Participation of PKC in modulation of the excitation-contraction process of chick embryo cardiac muscle

Phorbol esters are activators of protein kinase C (PKC) and have been widely used to study the function of this enzyme. We investigated the effect of phorbol ester, 12-O-tetradecanoyl-phorbol-13-acetate (TPA), on tension responses and free cytosolic Ca in small strips of chick embryo ventricle and on the Ca-45 influx in primary cultures of chick embryo ventricular cells. TPA (10(-8)M) decreased twitch tension about 40% when driven at 1 Hz.
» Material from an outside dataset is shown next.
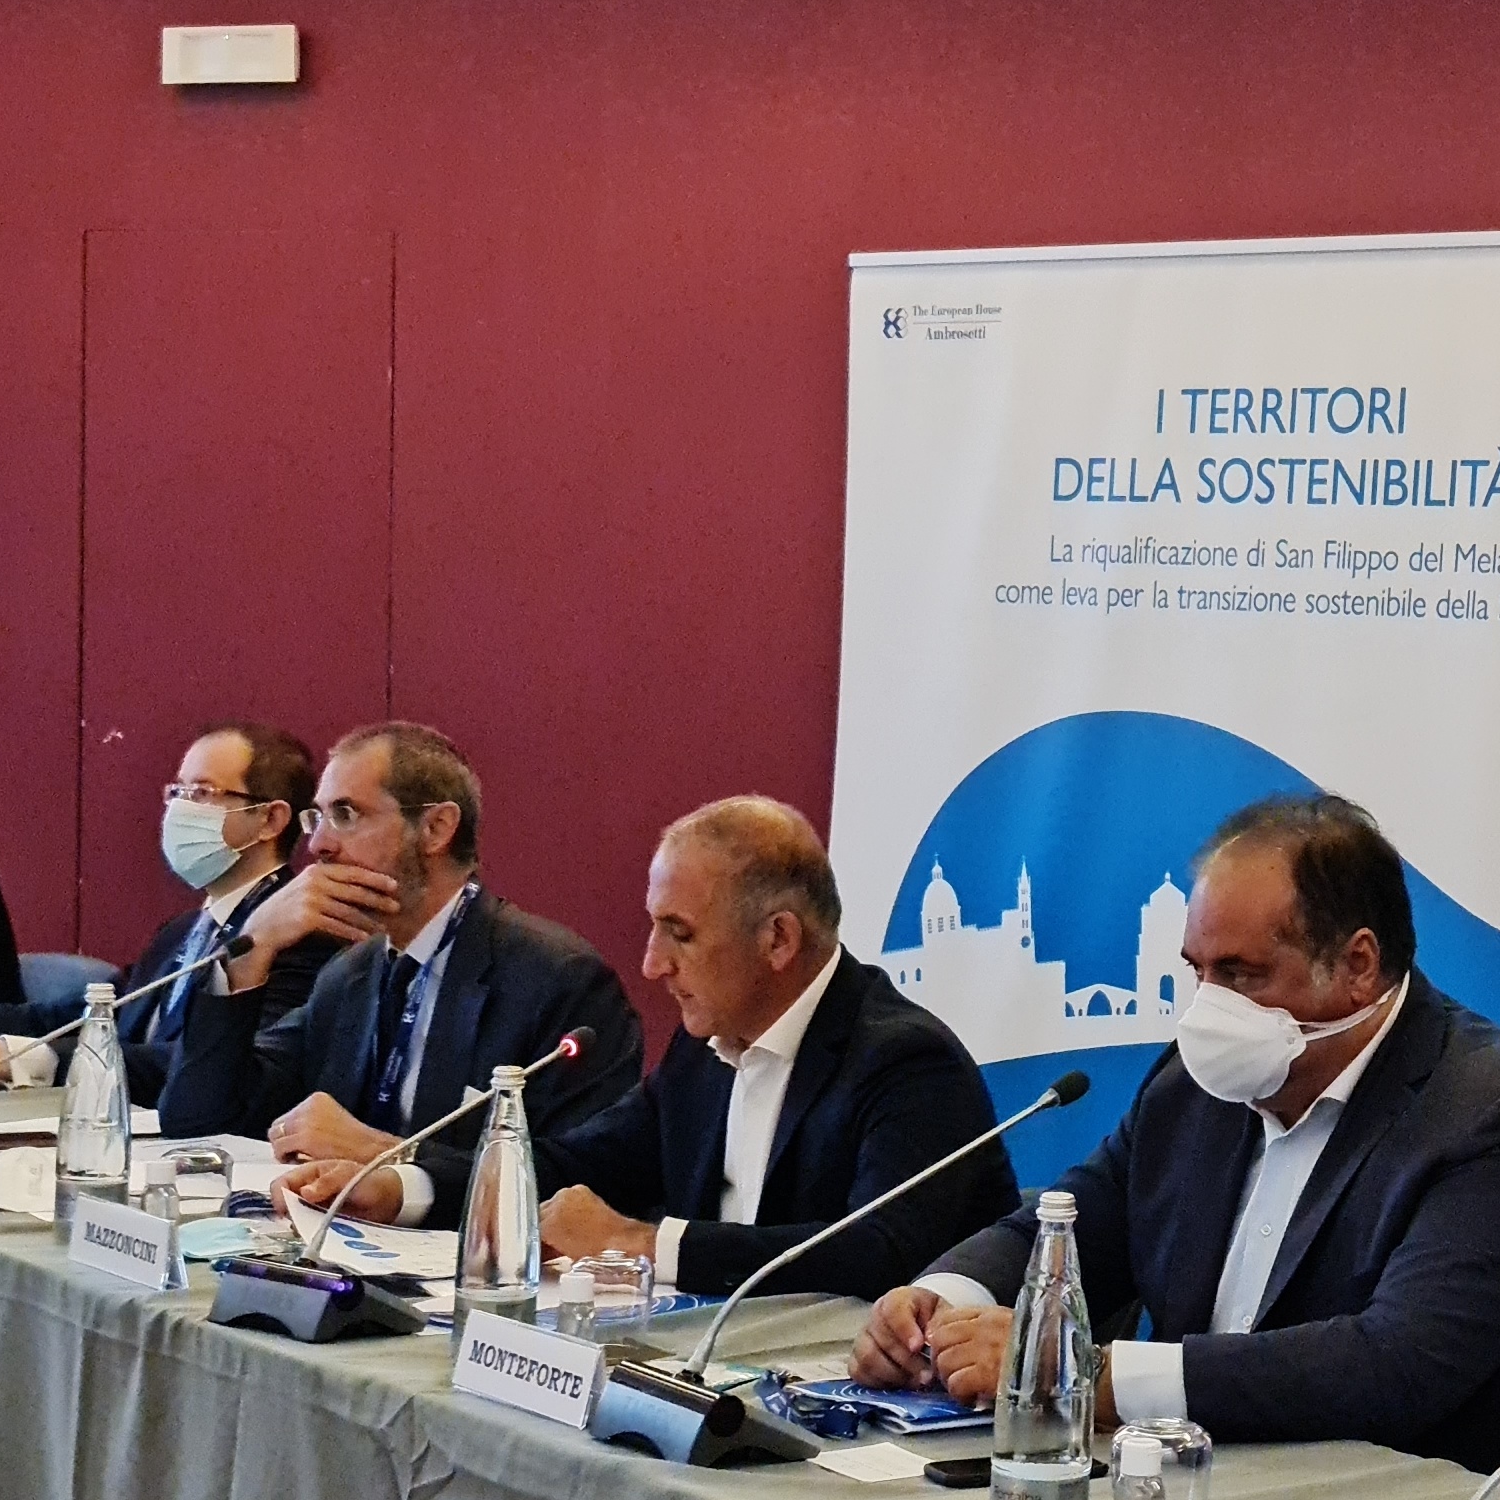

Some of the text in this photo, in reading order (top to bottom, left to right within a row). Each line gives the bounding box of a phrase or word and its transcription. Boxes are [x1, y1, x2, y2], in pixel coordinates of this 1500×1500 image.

The free cytosolic Ca measured with fura-PE3 was rapidly increased in 110 mM KCl solution and this high K-induced increase was slightly inhibited by TPA (10(-8) M), by 12%. The resting Ca-45 uptake in 5 mM KCl was slightly increased by a low concentration of TPA (10(-9) M), but high K-induced Ca-45 uptake was decreased by TPA in a dose-dependent manner, but to 40% at the utmost. 4 alpha-Phorbol, an inactive phorbol ester, did not inhibit Ca-45 uptake. These results indicate that TPA decreased the depolarization induced transsarcolemmal Ca uptake and thus the excitation-contraction process was attenuated, but to 40% at most. PKC may participate in the modulation of myocardial Ca homeostasis and contractile state.